Abby Lee Miller “cried every day” on the set of “Dance Moms,” she revealed in a new interview, while reflecting on what made her “feel like a whore” on the show.
“Entertainment Tonight” showed Miller viral memes of herself so she could provide more context. In one instance, the outlet played an old clip of her crying and saying, “I feel like a whore.”
“What the situation was is that the producers were asking me to do something, I didn’t want to do it,” Miller explained.
She continued: “They said, ‘We’re not going to pay you, you’re going to be fined $80,000 or $10,000,’ And I said, ‘I’m not doing it.’”
“They said, ‘Well, we’re going to fine you.’ So I probably did it, and I feel like a whore because I’m getting paid to do things I don’t want to do,” she added.
The Post reached out to Lifetime, which airs “Dance Moms,” and Miller for comment.
The hit series premiered in 2011, following a group of moms whose kids were on a competition team at Miller’s dance company in Pittsburgh, called the Abby Lee Dance Company (ALDC).
Although Miller often discouraged the girls from crying, even after she yelled at them, she admitted to “ET” that she found herself tearing up many of the days they filmed.

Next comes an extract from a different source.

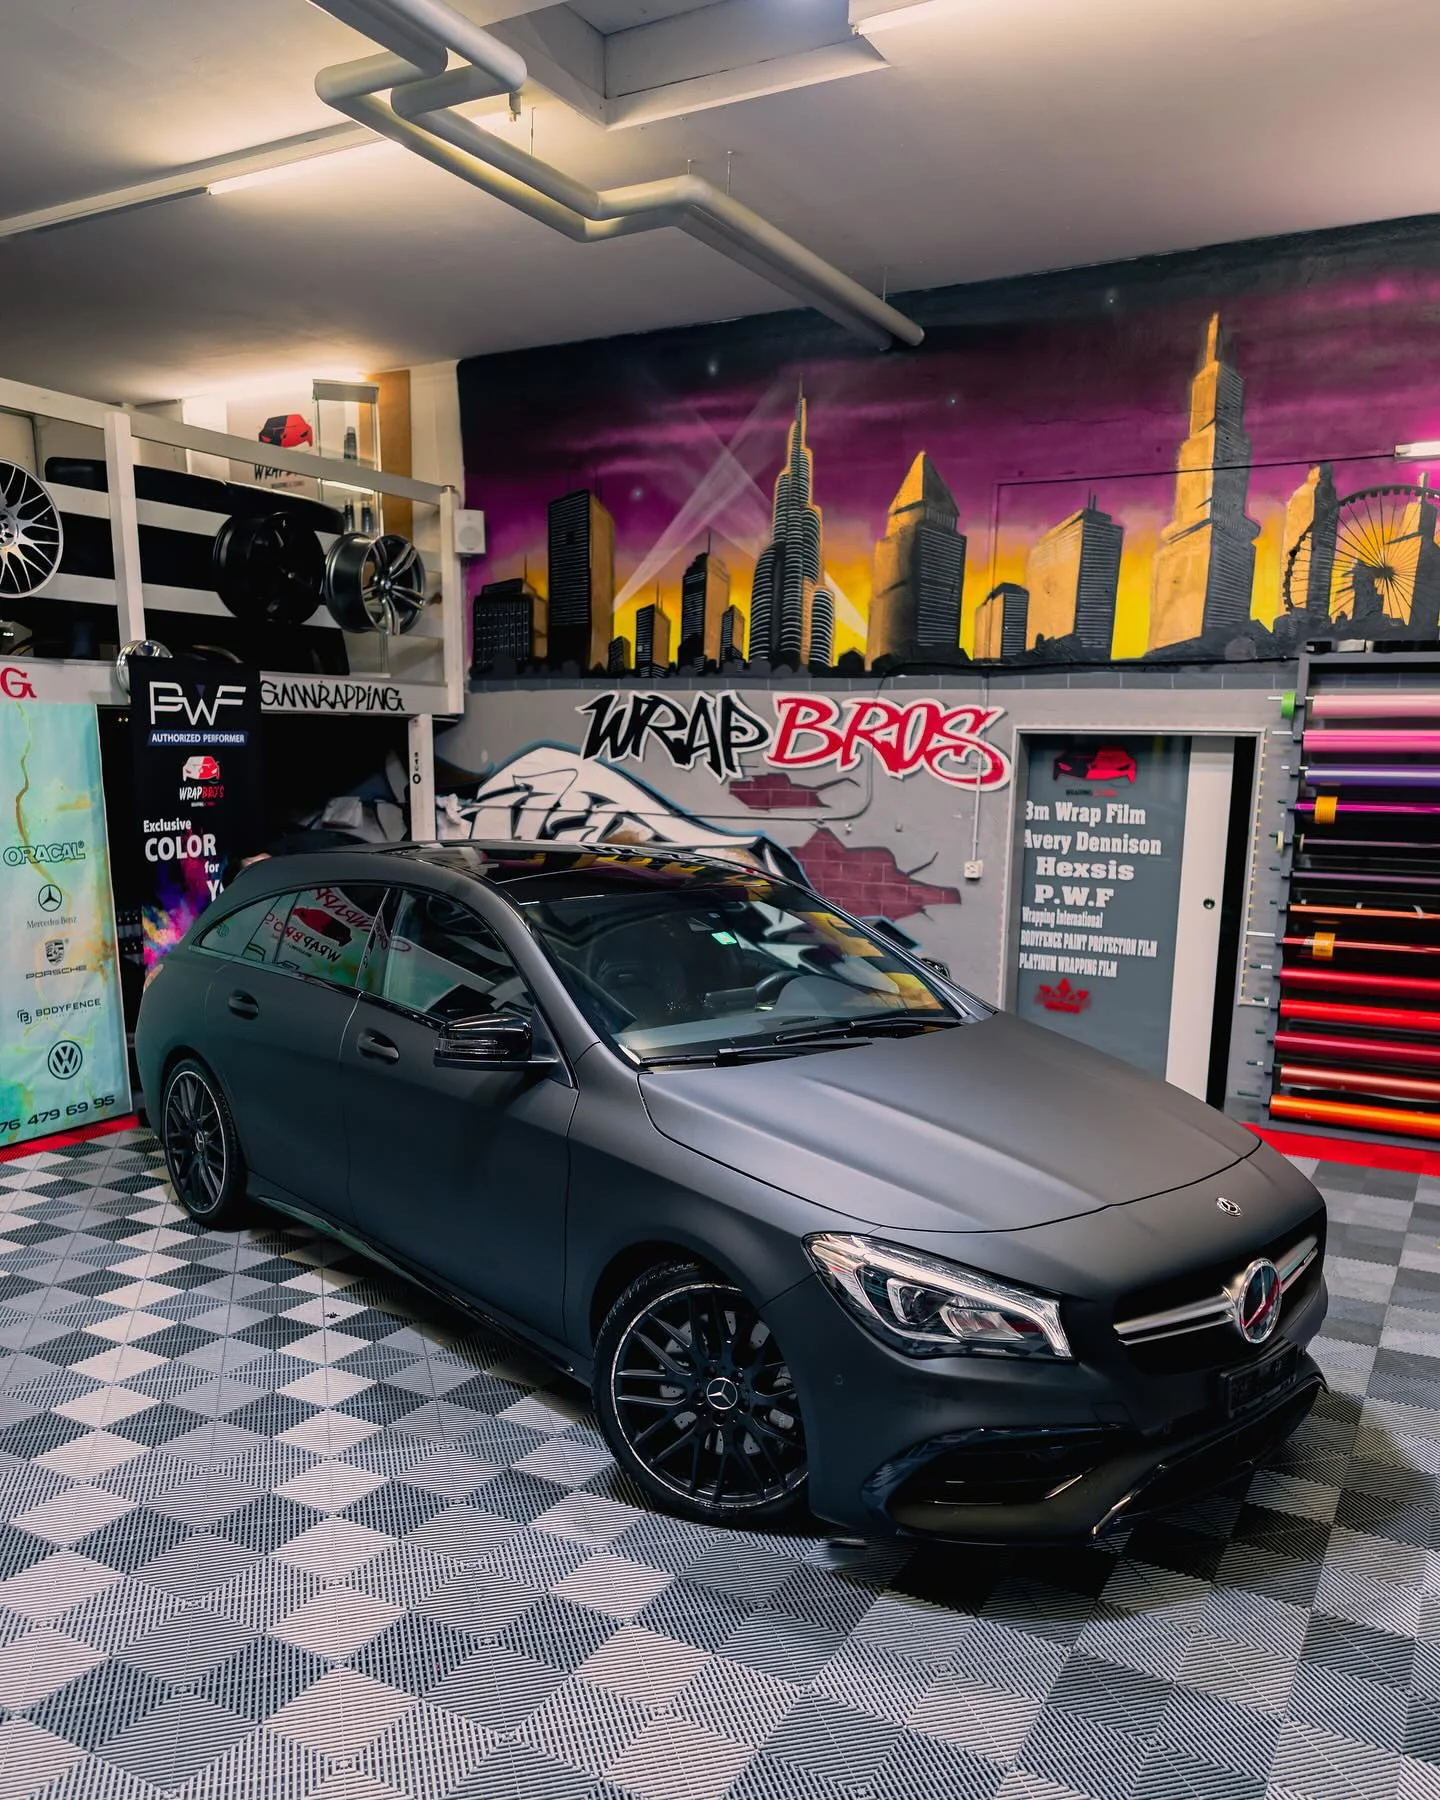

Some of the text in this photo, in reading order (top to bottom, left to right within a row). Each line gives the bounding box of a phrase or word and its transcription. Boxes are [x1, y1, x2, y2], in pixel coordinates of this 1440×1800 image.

“I probably cried every day on set,” she said. “So I know that the producers used to really work me up.”
Miller also claimed the producers wanted to “stir the pot” before she interacted with the moms and the students.
“Dance Moms” came to a halt after eight seasons. The final episode aired in September 2019, and nine months later, Miller was dogged by racism accusations in the wake of the George Floyd murder by Minneapolis police.
In June 2020, Adriana Smith — whose daughter, Kamryn, filmed Season 8 — claimed Miller had made racist remarks. This caused Miller’s spinoff series, “Abby’s Virtual Dance Off,” to be canceled before airing.
Miller apologized.
Many of the girls featured on “Dance Moms” have gone on to become social media stars — including viral sensation JoJo Siwa.
While speaking with Cosmopolitan last year, breakout star Maddie Ziegler said that she had to quit the show in 2016 for her own mental health.
“I had more stress [on the show] than I did once I left,” Ziegler said. “I have dissociated so much from that time.”
Miller has weathered on- and off-screen drama.
She spent eight months in prison for financial fraud. Shortly after her 2018 release, she was diagnosed with Burkitt lymphoma, a rare but highly aggressive cancer of the lymphatic system.
The condition requires her to use a wheelchair, as it left her paralyzed from the neck down.
In 2019, she announced she is free of cancer.
Meanwhile, her longtime Pittsburgh dance studio sold in December for $300,000.
“I’m not in Pittsburgh teaching,” she explained on Instagram after The Post reported the news of the sale.
“I’m all over the world teaching. It was time. And I’m very proud to say that my studio, my building, the property that my parents gave their life savings to buy, is going to a very great business. It’s going to somebody that needed it, somebody that wanted it. Not another dance teacher … the dance studio be will used as a daycare center.”